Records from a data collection
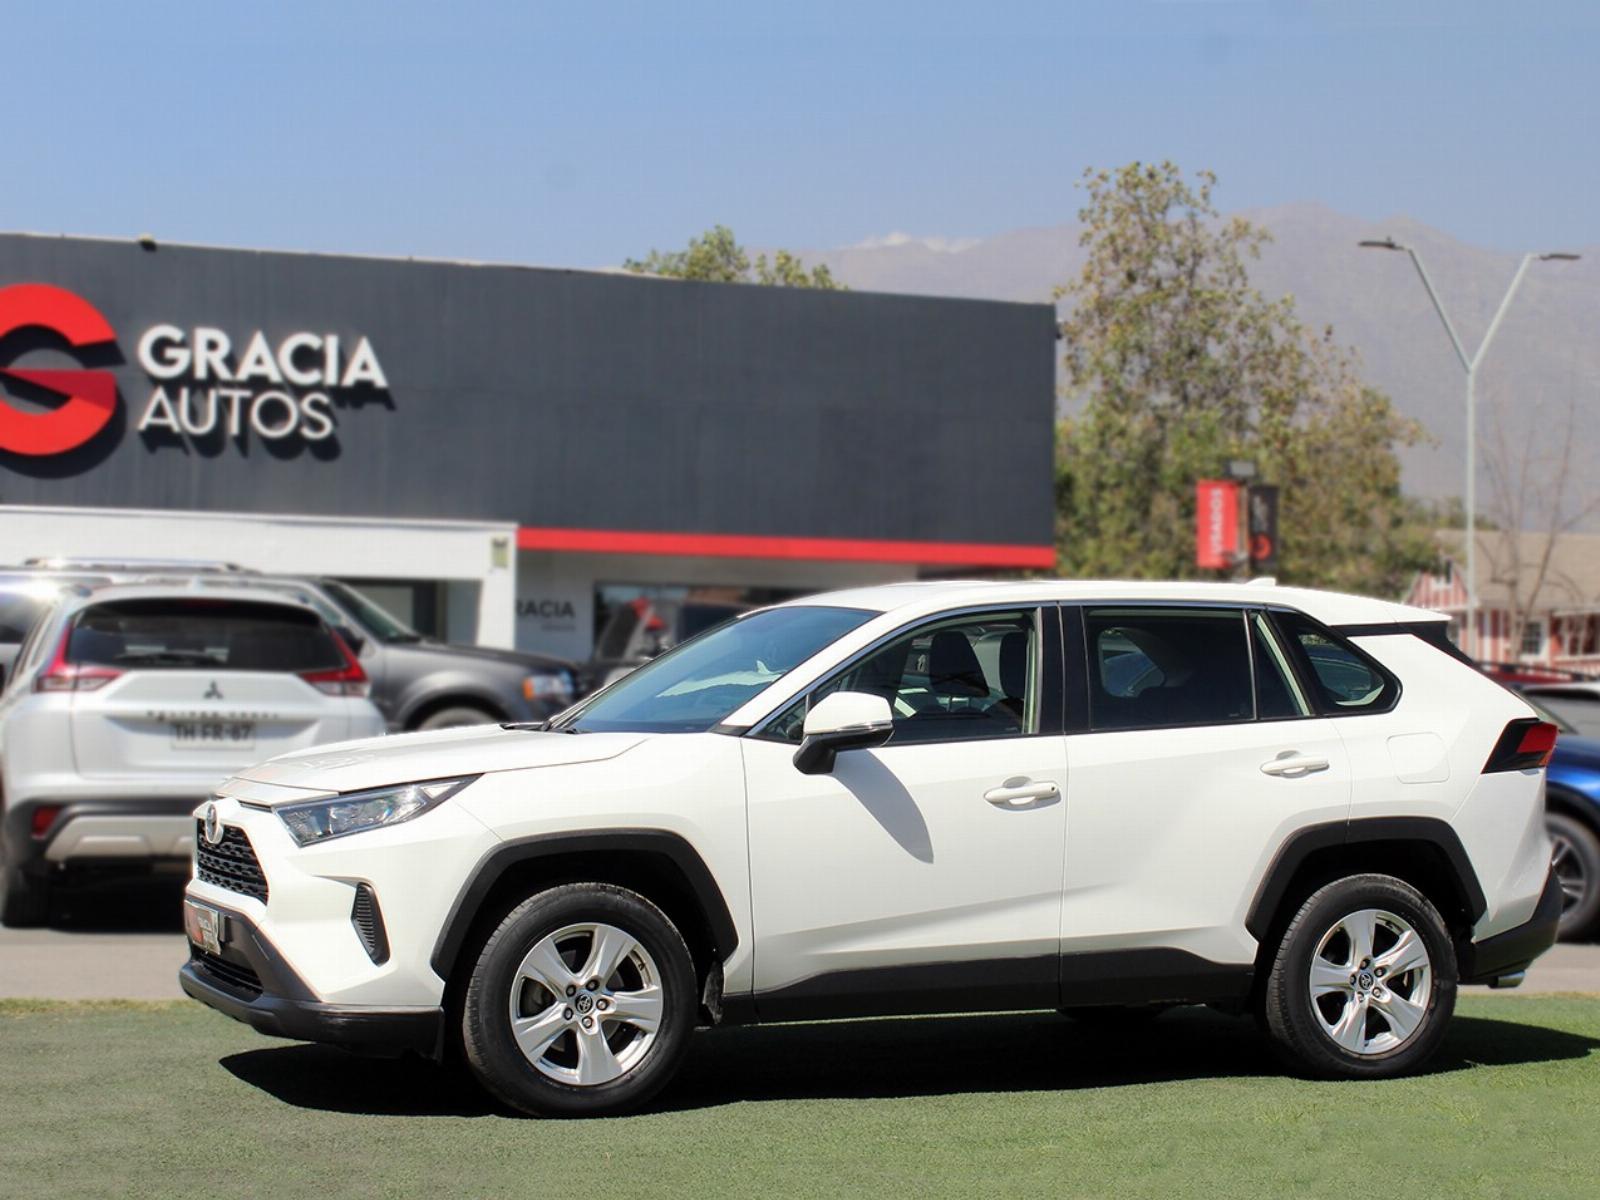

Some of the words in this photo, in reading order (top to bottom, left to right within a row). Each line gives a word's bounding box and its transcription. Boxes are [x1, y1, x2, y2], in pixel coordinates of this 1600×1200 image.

[137, 325, 389, 387] GRACIA
[138, 387, 334, 440] AUTOS
[515, 600, 576, 618] RACIA
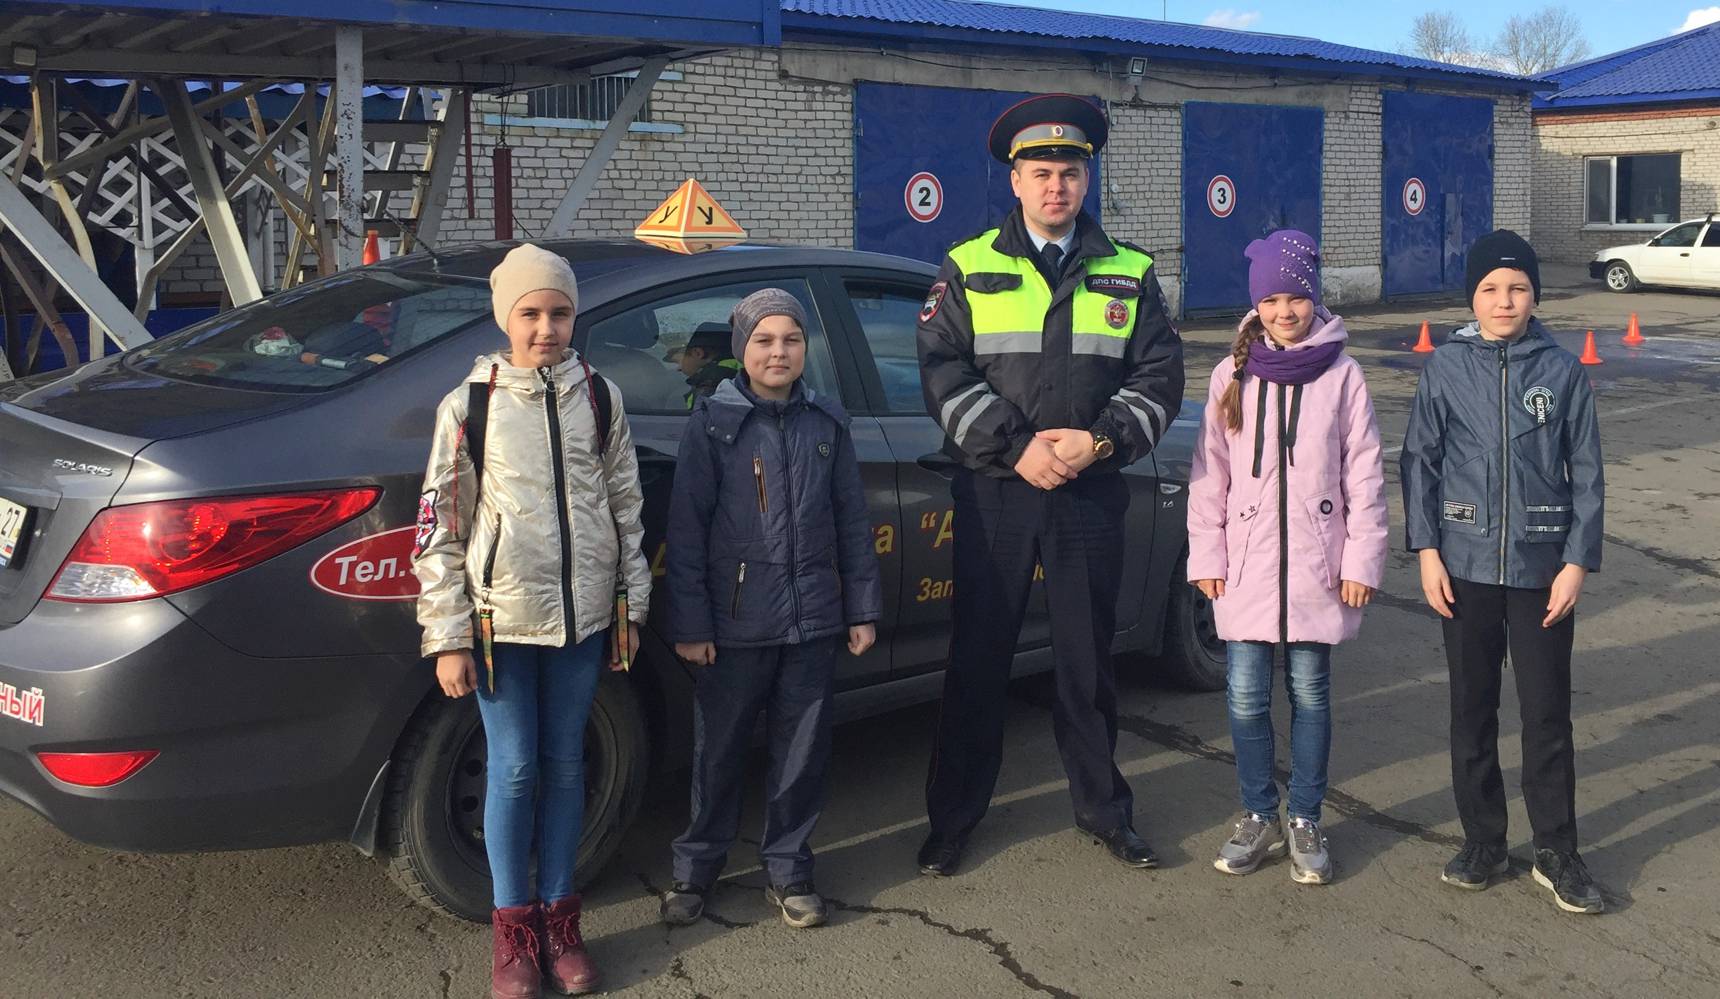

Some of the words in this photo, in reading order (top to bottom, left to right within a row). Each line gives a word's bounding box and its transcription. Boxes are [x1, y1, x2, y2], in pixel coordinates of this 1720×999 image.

[918, 186, 932, 207] 2
[1217, 187, 1227, 205] 3
[1409, 189, 1418, 204] 4
[1092, 278, 1109, 286] ДПС
[1110, 278, 1137, 289] ГИБДД
[52, 457, 113, 478] SOLARIS
[334, 555, 406, 586] Тел.

[Assignment]
From the line holding "this 1720×999 image." to the final line of the data, output each line exactly and nothing more.

[Result of the exercise]
Some of the words in this photo, in reading order (top to bottom, left to right within a row). Each line gives a word's bounding box and its transcription. Boxes are [x1, y1, x2, y2], in pixel coordinates of this 1720×999 image.

[918, 186, 932, 207] 2
[1217, 187, 1227, 205] 3
[1409, 189, 1418, 204] 4
[1092, 278, 1109, 286] ДПС
[1110, 278, 1137, 289] ГИБДД
[52, 457, 113, 478] SOLARIS
[334, 555, 406, 586] Тел.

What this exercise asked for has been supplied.